Nachbarschaftsrecht von

Wenn die Bäume stören

Dr. Maria In der Maur-Koenne © Bild: NEWS

Als ich vor 26 Jahren mein Haus im Burgenland gekauft habe, hatten wir im Garten viel Sonne. Meine Nachbarn haben dann vier Tannenbäume gepflanzt, die mittlerweile so hoch und dicht sind, dass ich vom Spätherbst bis zum Frühling auf meiner Terrasse und im Wohnbereich nur noch Schatten habe. Eine Tanne harzt auch so, dass der Garten richtig pickt. Auch meine Photovoltaikanlage ist fast nur mehr im Schatten. Was kann ich tun?
Johanna H., Burgenland

Liebe Frau H.!
Das Problem des Lichtentzugs durch zu hoch gewachsene Bäume im Garten des Nachbarn beschäftigt die Gerichte immer wieder. Regelmäßig wachsen Pflanzen derart, dass der Lichtentzug unzumutbar wird. Doch was bedeutet vor dem Gesetz "unzumutbar"?

Eine unzumutbare Beeinträchtigung im Sinne des §364 Abs. 3 ABGB liegt dann vor, wenn der Lichtentzug das ortsübliche Maß überschreitet und dieser Zustand für den Grundstückseigentümer untragbar ist. Es kommt darauf an, ob der Lichtentzug objektiv in der Gegend üblich ist, etwa in einem Waldgebiet, und ob er dem Grundstückseigentümer zumutbar ist. Dabei ist auch zu berücksichtigen, ob der Zustand neu ist oder bereits zum Zeitpunkt des Kaufs der Liegenschaft oder in Ihrem Fall auch des Baus der Photovoltaikanlage erkennbar war. Kaufen Sie ein Grundstück im Wald, können Sie sich später nicht über den Lichtentzug durch die umliegenden Bäume beschweren. Wenn Sie aber ein Grundstück in einem geschlossenen Siedlungsgebiet kaufen, müssen Sie nicht mit einem geschlossenen Baumbestand am Nachbargrundstück rechnen.

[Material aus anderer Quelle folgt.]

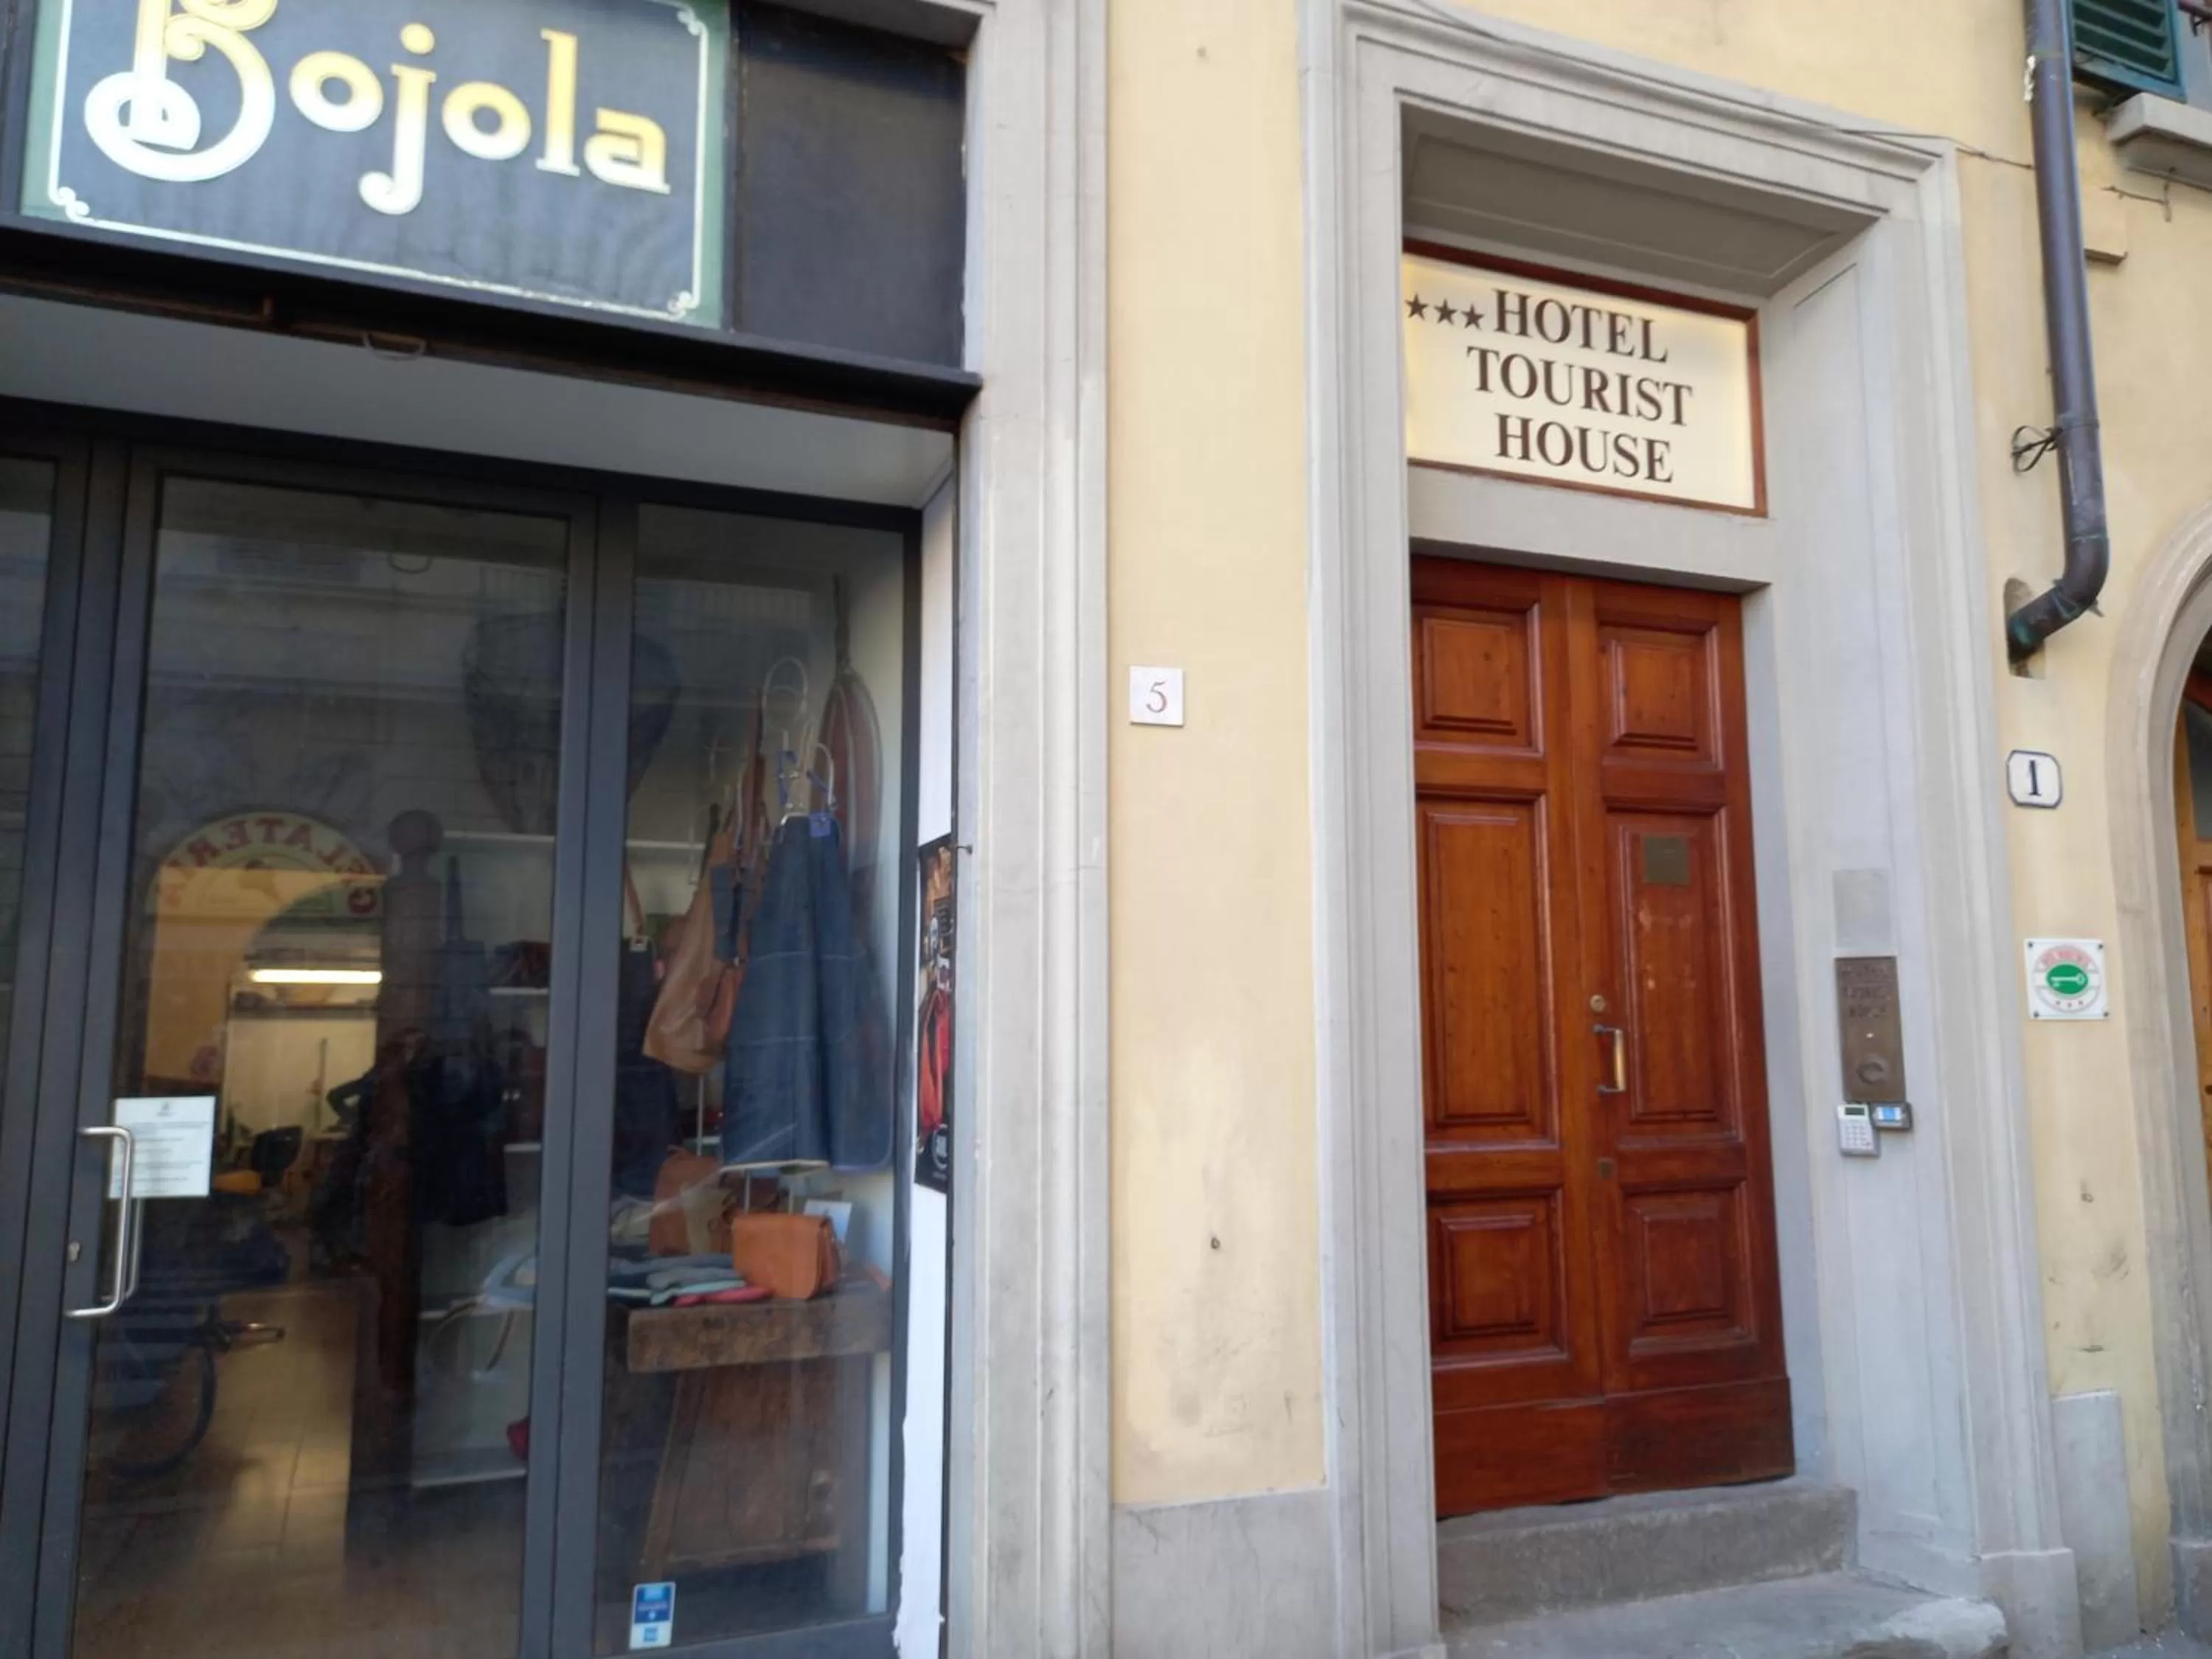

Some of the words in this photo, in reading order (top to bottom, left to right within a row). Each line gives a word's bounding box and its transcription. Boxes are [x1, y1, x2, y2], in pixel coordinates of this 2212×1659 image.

Um die ortsübliche Bepflanzung festzustellen, muss daher die weitere Umgebung Ihres Grundstücks geprüft werden. Wenn Ihr Grundstück in einem waldigen Gebiet liegt oder auch auf vielen anderen Grundstücken der Gegend hohe Tannenbäume wachsen, wäre die Beeinträchtigung wohl als ortsüblich hinzunehmen.

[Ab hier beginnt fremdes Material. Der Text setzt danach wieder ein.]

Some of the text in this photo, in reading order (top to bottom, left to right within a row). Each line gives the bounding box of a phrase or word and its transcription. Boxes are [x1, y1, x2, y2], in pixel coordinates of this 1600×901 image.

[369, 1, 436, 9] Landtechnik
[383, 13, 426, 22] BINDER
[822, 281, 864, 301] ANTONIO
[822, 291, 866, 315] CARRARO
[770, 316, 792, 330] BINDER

Sobald feststeht, dass es sich bei den hohen Bäumen um eine "ortsunübliche" Bepflanzung handelt, prüft das Gericht, ob diese Bepflanzung für Sie als Nachbarin unzumutbar ist. Dabei handelt es sich um eine konkrete Prüfung Ihres Einzelfalls. Eine Rolle spielen die konkrete Größe des Grundstücks, der Zustand beim Ankauf und die genaue zeitliche und räumliche Beeinträchtigung der Benutzung der Terrasse und der Wohnräume und der Funktion der Photovoltaikanlage. Auch die Auswirkungen durch das Harz werden berücksichtigt werden.

Wenn die Beeinträchtigung Ihres Grundstücks durch die hohen Tannenbäume im Nachbargarten ortsunüblich und für Sie unzumutbar ist, haben Sie gegen den Nachbarn einen Unterlassungs- und Beseitigungsanspruch, den Sie bei Gericht durchsetzen können.